MEDFORGEN launched to protect forest genetic resources across the Mediterranean
When we think of boldness, we often imagine something large, visible, and disruptive. Yet some of the most meaningful forms of boldness are rooted in what we cannot see like what quietly sustains life itself. One of these foundations is DNA, the shared code that connects all living beings and underpins the resilience of ecosystems. And DNA diversity, formally called genetic diversity, is the foundational component of biodiversity, underpinning species and ecosystem diversity. Genetic diversity is vital to resilience and ecosystem services.

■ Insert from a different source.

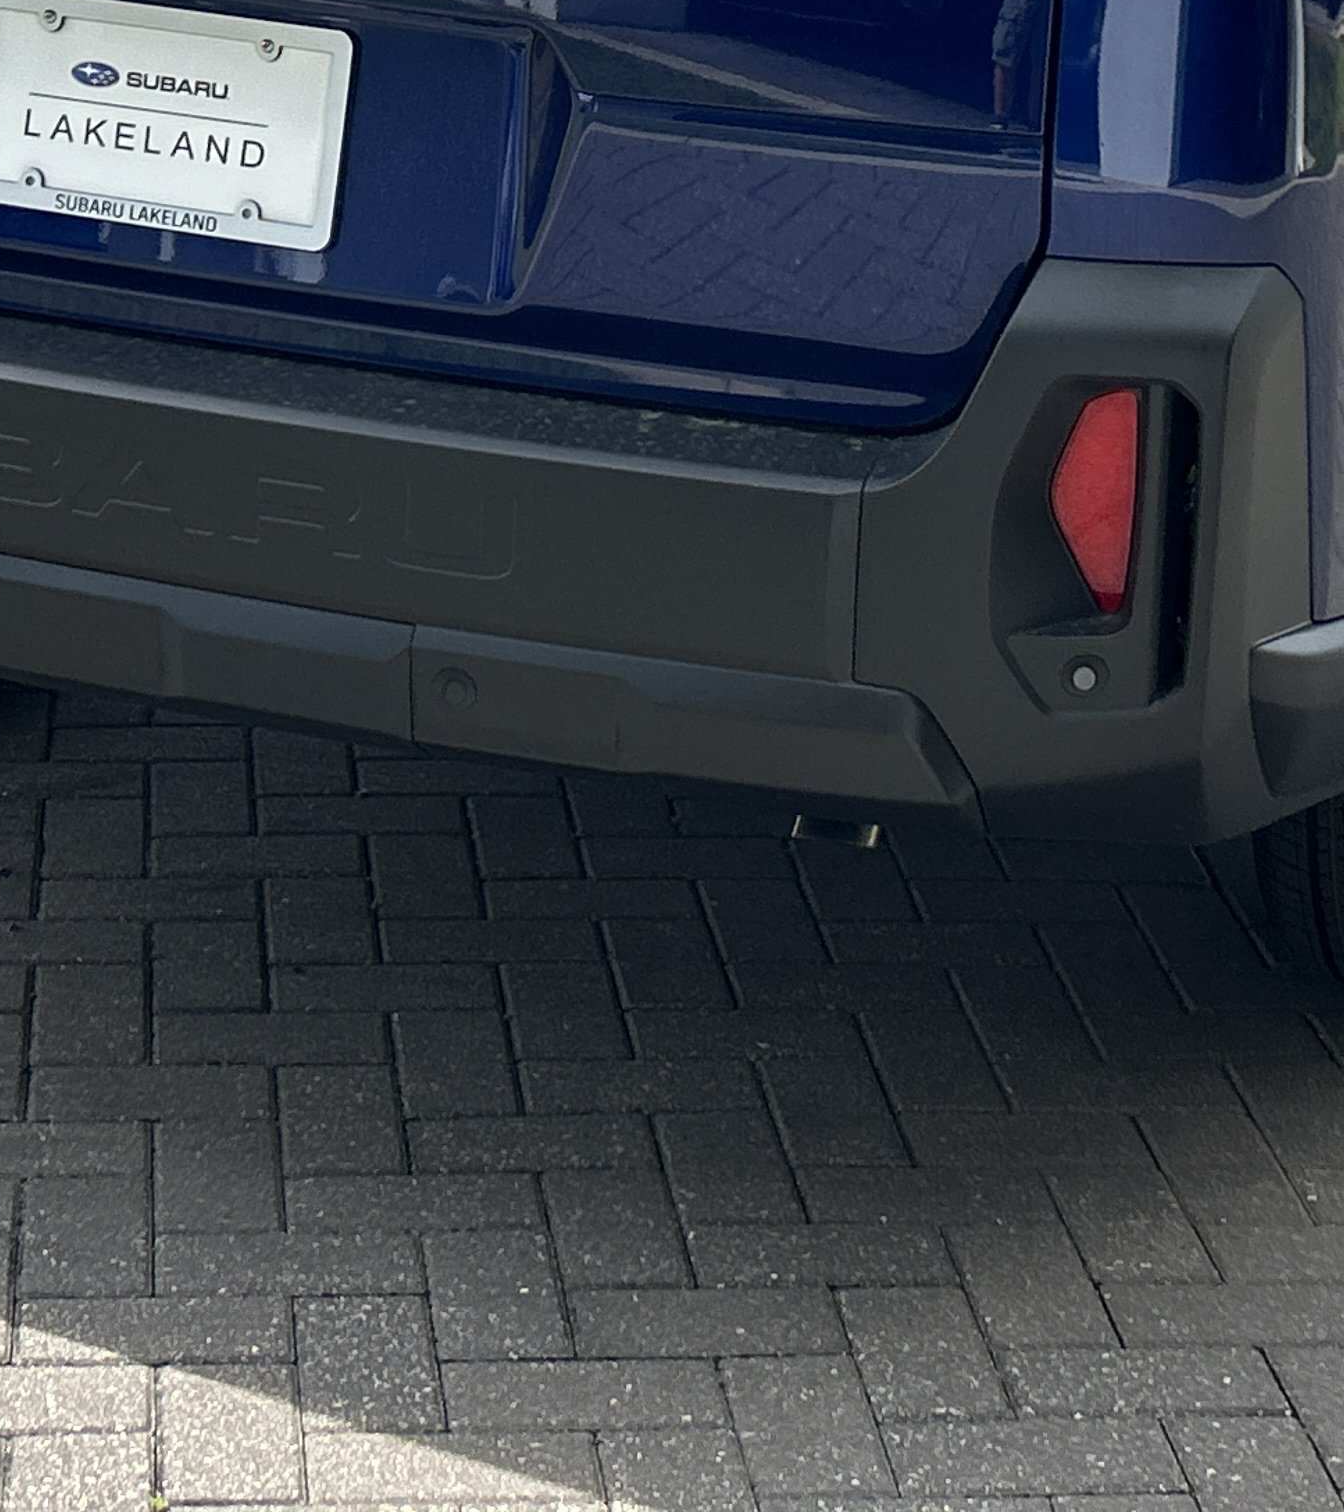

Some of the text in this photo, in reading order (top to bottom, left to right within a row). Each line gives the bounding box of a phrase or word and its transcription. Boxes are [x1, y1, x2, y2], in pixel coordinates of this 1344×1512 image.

[126, 71, 230, 100] SUBARU
[22, 107, 267, 169] LAKELAND
[54, 193, 219, 234] SUBARU LAKELAND

From this perspective, the Mediterranean Forest Genetic Resources (MEDFORGEN) project was launched last March, marking the start of a coordinated effort to safeguard the genetic diversity of forest ecosystems across the Mediterranean region. Led by the European Forest Institute Mediterranean Facility (EFIMED), the initiative brings together ten countries in the EU Southern Neighbourhood around a common commitment to strengthen the conservation and sustainable management of Forest Genetic Resources (FGR).
The official kick-off took place over three days in Valencia, Spain, during the EFI Mediterranean Network Forum 2026. Representatives from all participating countries and partner institutions gathered for the launch sessions and technical exchanges where national teams presented their initial assessments of forest genetic resources. The meeting set the foundation for long-term collaboration and aligned priorities across the region.

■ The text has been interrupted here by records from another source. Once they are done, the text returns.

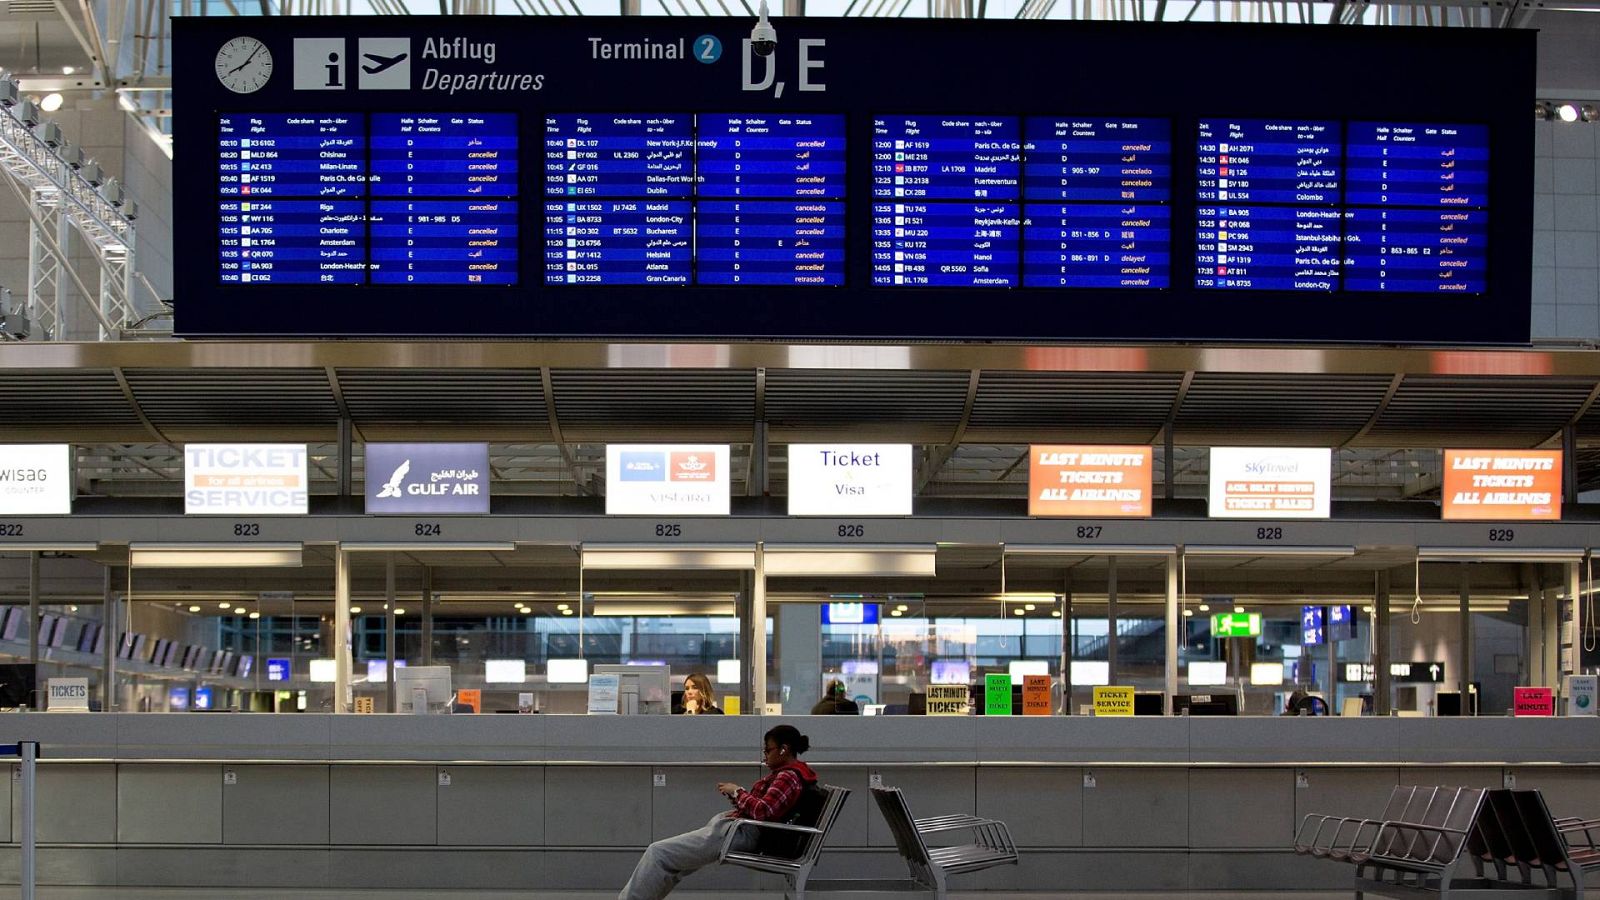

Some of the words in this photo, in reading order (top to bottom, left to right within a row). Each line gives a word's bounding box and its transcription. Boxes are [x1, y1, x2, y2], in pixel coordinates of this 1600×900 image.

[422, 38, 495, 63] Abflug
[588, 38, 683, 59] Terminal
[702, 38, 714, 59] 2
[799, 39, 825, 91] E
[422, 69, 544, 94] Departures
[546, 139, 564, 147] 10:40
[795, 140, 826, 148] cancelled
[875, 141, 892, 149] 12:00
[1121, 144, 1152, 152] cancelled
[1199, 144, 1216, 152] 14:30
[220, 151, 238, 159] 08:20
[467, 151, 498, 159] cancelled
[546, 151, 564, 159] 10:45
[874, 153, 892, 161] 12:00
[1199, 156, 1216, 164] 14:30
[220, 163, 238, 171] 09:15
[546, 163, 564, 171] 10:45
[546, 175, 564, 183] 10:50
[874, 176, 892, 184] 12:25
[974, 177, 1018, 185] Fuerteventura
[1198, 191, 1216, 199] 15:15
[1296, 193, 1324, 201] Colombo
[220, 203, 238, 211] 09:55
[319, 203, 334, 212] Riga
[795, 204, 827, 212] cancelado
[874, 205, 892, 213] 12:55
[646, 215, 684, 224] London-City
[795, 216, 825, 224] cancelled
[1198, 208, 1216, 216] 15:20
[1440, 213, 1469, 221] cancelled
[874, 217, 892, 225] 13:05
[1121, 219, 1151, 227] cancelled
[468, 227, 498, 235] cancelled
[546, 227, 564, 235] 11:15
[646, 227, 678, 235] Bucharest
[468, 239, 498, 247] cancelled
[546, 239, 564, 247] 11:20
[1198, 232, 1215, 240] 15:30
[1439, 236, 1469, 244] cancelled
[221, 250, 239, 258] 10:35
[546, 251, 564, 259] 11:35
[646, 251, 671, 259] Helsinki
[874, 252, 892, 260] 13:55
[973, 253, 993, 261] Hanoi
[1197, 255, 1215, 263] 17:35
[221, 262, 239, 270] 10:40
[546, 263, 564, 271] 11:35
[645, 263, 669, 271] Atlanta
[874, 264, 891, 272] 14:05
[874, 276, 891, 284] 14:15
[973, 277, 1009, 285] Amsterdam
[1294, 281, 1331, 290] London-City
[1438, 283, 1467, 291] cancelled
[187, 448, 305, 468] TICKET
[820, 450, 880, 466] Ticket
[1039, 453, 1079, 465] LAST
[1080, 453, 1144, 466] MINUTE
[1453, 457, 1491, 470] LAST
[1492, 457, 1554, 470] MINUTE
[431, 469, 455, 482] الخليج
[456, 470, 479, 481] طيران
[1059, 470, 1124, 483] TICKETS
[1472, 475, 1535, 487] TICKETS
[408, 484, 450, 495] GULF
[452, 484, 479, 495] AIR
[836, 484, 865, 495] Visa
[1039, 488, 1068, 500] ALL
[187, 490, 307, 506] SERVICE
[1452, 492, 1480, 504] ALL
[1482, 492, 1552, 504] AIRLINES
[0, 524, 24, 536] 822
[234, 524, 259, 536] 823
[415, 524, 441, 536] 824
[655, 525, 681, 536] 825
[838, 525, 864, 537] 826
[1076, 526, 1102, 538] 827
[1257, 527, 1282, 539] 828
[1489, 529, 1514, 541] 829
[50, 685, 86, 697] TICKETS
[928, 687, 942, 698] LAST
[943, 687, 967, 698] MINUTE

MEDFORGEN aims to enhance the resilience of Mediterranean forests by improving knowledge of local genetic resources, identifying candidate Genetic Conservation Units, and promoting the strategic use of forest reproductive material in ecosystem restoration. It also supports the development of country-specific conservation roadmaps that reflect ecological conditions and socio-economic realities, while strengthening cooperation, technical capacity, and stakeholder engagement across the region.

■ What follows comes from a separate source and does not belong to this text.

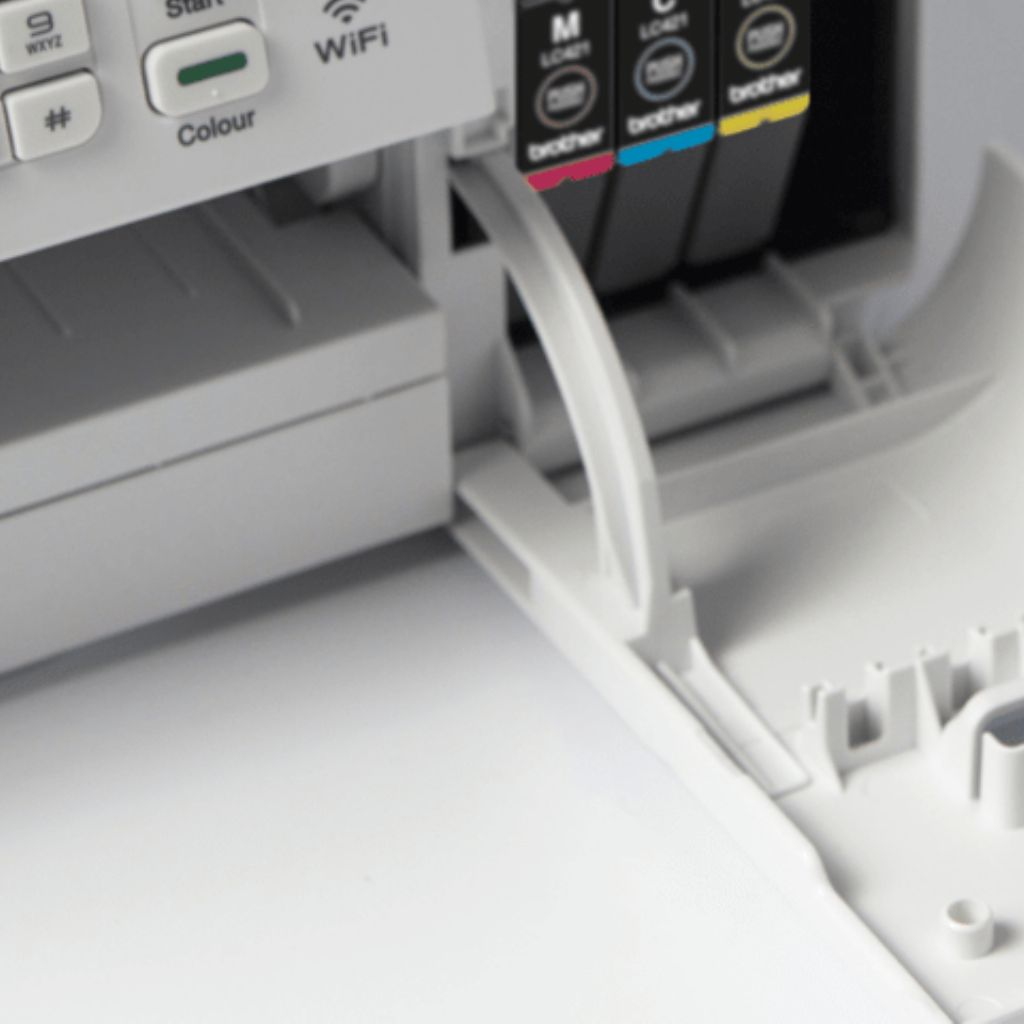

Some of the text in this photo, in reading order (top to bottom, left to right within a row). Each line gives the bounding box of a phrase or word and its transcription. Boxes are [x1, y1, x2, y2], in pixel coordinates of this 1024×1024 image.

“Genetic diversity is at the heart of forest resilience. It enables trees to recover from disturbances and adapt to climate change. Without it, we risk losing both forests and the communities that depend on them.”— Magda Bou Dagher Kharrat, MEDFORGEN Project Coordinator

Beginning of a regional journey to conservation
Over its four-year implementation, MEDFORGEN will establish national roadmaps for forest genetic resources conservation, identify Genetic Conservation Units in each country, conduct cross-border genetic characterisation of key tree species, and strengthen institutional capacity across universities and research centres. Early findings from the Valencia workshop highlight that, while conservation efforts exist across the region, systematic attention to forest genetic diversity remains limited and coordination between research institutions and forest authorities can be strengthened. At the same time, all participating countries expressed strong commitment to regional collaboration and knowledge sharing.
Species know no borders
Nature does not recognise political boundaries. A species’ genetic pool stretches across its entire geographical range, from one country to the next, across mountain ranges, sea straits, and climate gradients. To truly conserve a species, we must understand and protect this full genetic continuum, because it is within this breadth of diversity that resilience lives: the alleles adapted to drought in the south, the genotypes tolerant of frost in the north, the populations pre-adapted to the conditions that the rest of the range may face tomorrow under climate change.
This is becoming increasingly urgent as species are on the move. As climate envelopes shift, populations migrate, contract, or expand and the genetic diversity harboured at range margins, often overlooked, may hold the very adaptations that allow a species to survive. Conservation strategies confined within national borders risk missing exactly this diversity.
Building on the legacy of the European Forest Genetic Resources Programme (EUFORGEN), the Mediterranean Forest Genetic Resources project (MEDFORGEN) takes a deliberately range-wide perspective. It contributes to expanding and enriching the European Forest Genetic Information System (EUFGIS) by providing new occurrence data for European species and integrating information on additional Mediterranean species and their conservation sites, bridging the often-overlooked southern flank of Europe’s forest genetic diversity. In doing so, MEDFORGEN broadens not only the geographic scope of the information system, but its ecological and evolutionary relevance: because conserving the Mediterranean is not a regional concern, it is a continental one.
The Mediterranean Forests Genetic Resources project (MEDFORGEN) is funded by the European Union.